(Saved entries)
----------

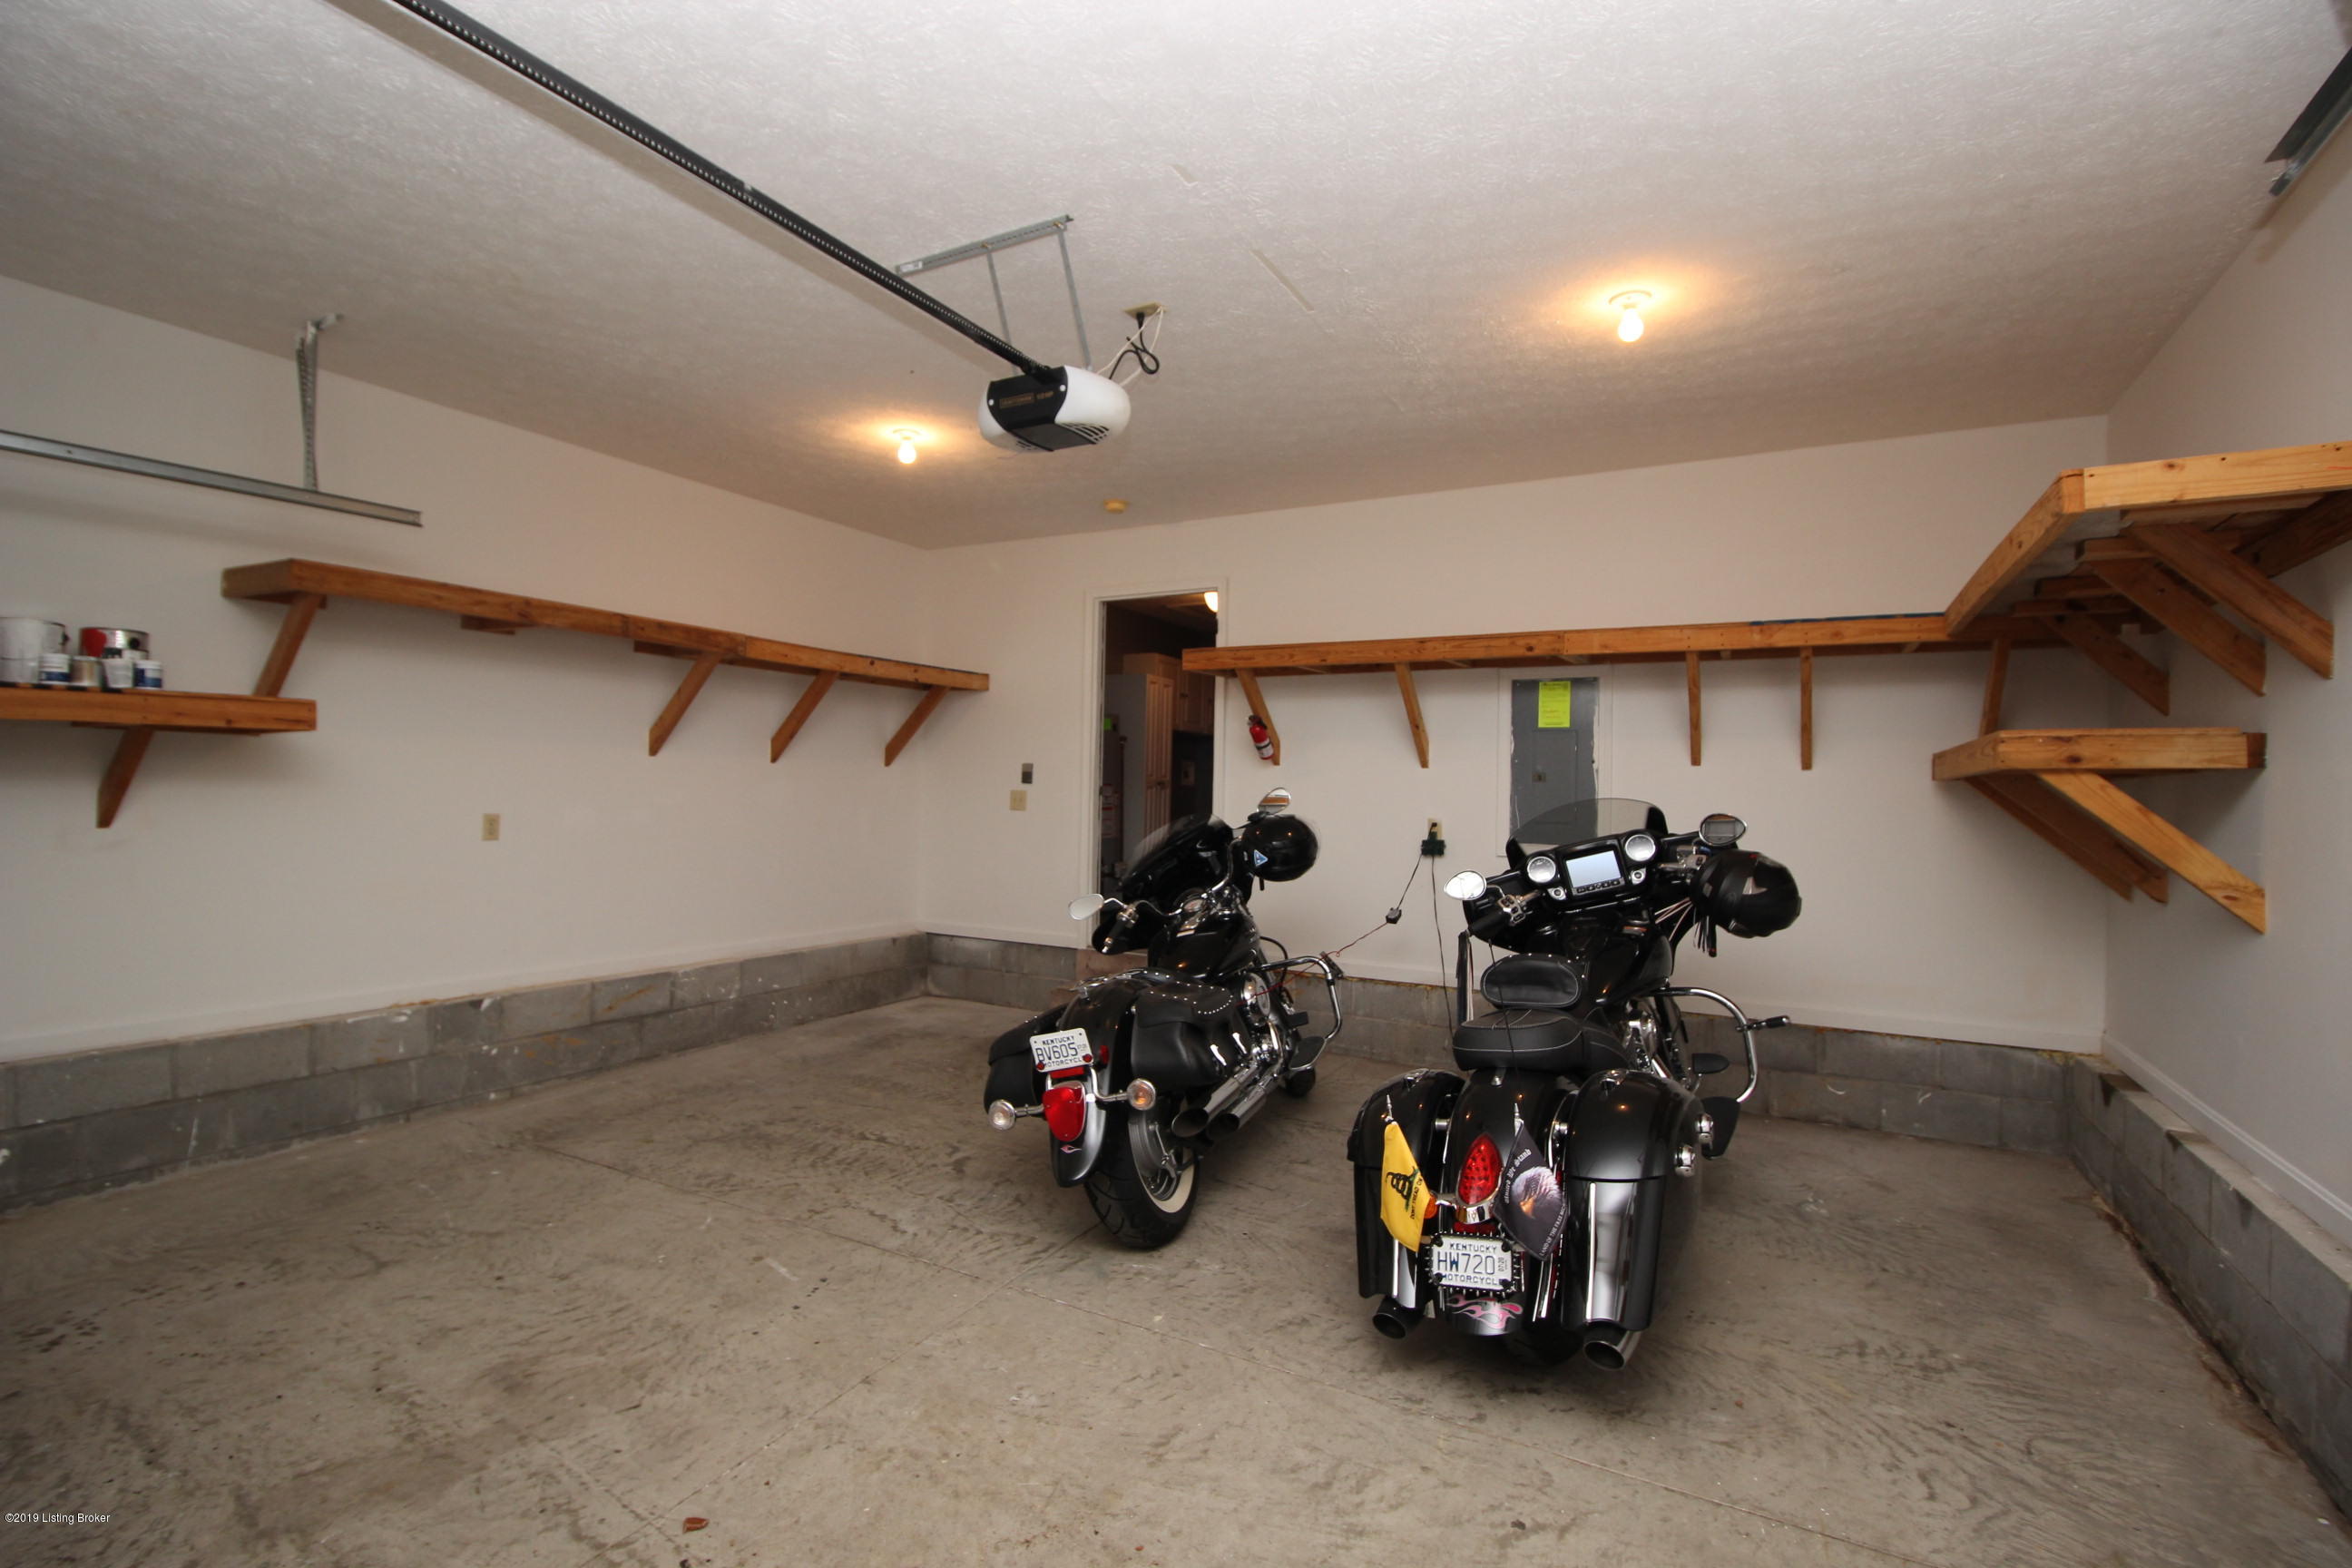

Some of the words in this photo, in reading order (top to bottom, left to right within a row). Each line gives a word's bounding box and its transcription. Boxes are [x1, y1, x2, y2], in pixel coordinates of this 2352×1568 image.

[1042, 1035, 1074, 1045] KENTUCKY
[1035, 1042, 1078, 1063] BV605
[1043, 1057, 1085, 1068] MOTORCYCL
[1514, 1148, 1532, 1167] Stand
[1449, 1243, 1497, 1253] KENTUCKY
[1437, 1251, 1495, 1275] HW720

----------

## What needs to be done
Please transcribe every entry above exactly, leaving out any pictures.

## Solved exercise
Some of the words in this photo, in reading order (top to bottom, left to right within a row). Each line gives a word's bounding box and its transcription. Boxes are [x1, y1, x2, y2], in pixel coordinates of this 2352×1568 image.

[1042, 1035, 1074, 1045] KENTUCKY
[1035, 1042, 1078, 1063] BV605
[1043, 1057, 1085, 1068] MOTORCYCL
[1514, 1148, 1532, 1167] Stand
[1449, 1243, 1497, 1253] KENTUCKY
[1437, 1251, 1495, 1275] HW720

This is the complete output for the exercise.